▶ DATASET CONTENT:
------------------------------------------------------------------------
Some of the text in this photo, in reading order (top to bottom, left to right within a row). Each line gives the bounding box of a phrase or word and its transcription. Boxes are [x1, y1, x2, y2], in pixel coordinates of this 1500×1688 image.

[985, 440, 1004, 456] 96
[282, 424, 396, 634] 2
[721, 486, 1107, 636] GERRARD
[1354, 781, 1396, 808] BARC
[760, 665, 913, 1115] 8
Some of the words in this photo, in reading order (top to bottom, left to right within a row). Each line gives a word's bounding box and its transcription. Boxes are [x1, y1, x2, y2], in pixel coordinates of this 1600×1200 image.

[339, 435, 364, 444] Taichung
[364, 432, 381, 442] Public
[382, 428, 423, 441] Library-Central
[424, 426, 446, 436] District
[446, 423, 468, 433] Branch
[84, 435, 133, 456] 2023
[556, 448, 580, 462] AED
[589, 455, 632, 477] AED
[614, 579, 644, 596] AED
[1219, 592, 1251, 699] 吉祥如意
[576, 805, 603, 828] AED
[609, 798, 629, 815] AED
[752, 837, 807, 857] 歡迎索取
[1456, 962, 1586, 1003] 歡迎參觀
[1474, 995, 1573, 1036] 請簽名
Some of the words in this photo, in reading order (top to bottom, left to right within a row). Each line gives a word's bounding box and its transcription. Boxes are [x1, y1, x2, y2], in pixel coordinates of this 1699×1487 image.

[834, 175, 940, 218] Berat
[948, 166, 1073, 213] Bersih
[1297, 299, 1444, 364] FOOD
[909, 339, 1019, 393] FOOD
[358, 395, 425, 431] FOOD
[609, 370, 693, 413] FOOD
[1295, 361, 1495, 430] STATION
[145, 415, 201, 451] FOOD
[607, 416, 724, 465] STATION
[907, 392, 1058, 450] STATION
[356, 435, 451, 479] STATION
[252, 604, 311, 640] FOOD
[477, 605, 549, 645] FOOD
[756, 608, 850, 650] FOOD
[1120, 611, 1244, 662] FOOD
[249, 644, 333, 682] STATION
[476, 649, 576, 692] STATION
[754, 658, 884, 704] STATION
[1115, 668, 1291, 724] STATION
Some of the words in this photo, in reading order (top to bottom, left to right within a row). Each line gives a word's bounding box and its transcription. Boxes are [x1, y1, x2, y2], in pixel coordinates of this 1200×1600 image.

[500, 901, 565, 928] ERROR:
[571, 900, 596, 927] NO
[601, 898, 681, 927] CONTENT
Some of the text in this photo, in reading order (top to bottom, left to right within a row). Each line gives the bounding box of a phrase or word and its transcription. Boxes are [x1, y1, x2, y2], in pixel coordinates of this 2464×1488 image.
------------------------------------------------------------------------
Copy only the stretch running from the line containing "this 1600×1200 image." to the final line of the entries, both ends included, exactly as it stands.

Some of the words in this photo, in reading order (top to bottom, left to right within a row). Each line gives a word's bounding box and its transcription. Boxes are [x1, y1, x2, y2], in pixel coordinates of this 1600×1200 image.

[339, 435, 364, 444] Taichung
[364, 432, 381, 442] Public
[382, 428, 423, 441] Library-Central
[424, 426, 446, 436] District
[446, 423, 468, 433] Branch
[84, 435, 133, 456] 2023
[556, 448, 580, 462] AED
[589, 455, 632, 477] AED
[614, 579, 644, 596] AED
[1219, 592, 1251, 699] 吉祥如意
[576, 805, 603, 828] AED
[609, 798, 629, 815] AED
[752, 837, 807, 857] 歡迎索取
[1456, 962, 1586, 1003] 歡迎參觀
[1474, 995, 1573, 1036] 請簽名
Some of the words in this photo, in reading order (top to bottom, left to right within a row). Each line gives a word's bounding box and its transcription. Boxes are [x1, y1, x2, y2], in pixel coordinates of this 1699×1487 image.

[834, 175, 940, 218] Berat
[948, 166, 1073, 213] Bersih
[1297, 299, 1444, 364] FOOD
[909, 339, 1019, 393] FOOD
[358, 395, 425, 431] FOOD
[609, 370, 693, 413] FOOD
[1295, 361, 1495, 430] STATION
[145, 415, 201, 451] FOOD
[607, 416, 724, 465] STATION
[907, 392, 1058, 450] STATION
[356, 435, 451, 479] STATION
[252, 604, 311, 640] FOOD
[477, 605, 549, 645] FOOD
[756, 608, 850, 650] FOOD
[1120, 611, 1244, 662] FOOD
[249, 644, 333, 682] STATION
[476, 649, 576, 692] STATION
[754, 658, 884, 704] STATION
[1115, 668, 1291, 724] STATION
Some of the words in this photo, in reading order (top to bottom, left to right within a row). Each line gives a word's bounding box and its transcription. Boxes are [x1, y1, x2, y2], in pixel coordinates of this 1200×1600 image.

[500, 901, 565, 928] ERROR:
[571, 900, 596, 927] NO
[601, 898, 681, 927] CONTENT
Some of the text in this photo, in reading order (top to bottom, left to right within a row). Each line gives the bounding box of a phrase or word and its transcription. Boxes are [x1, y1, x2, y2], in pixel coordinates of this 2464×1488 image.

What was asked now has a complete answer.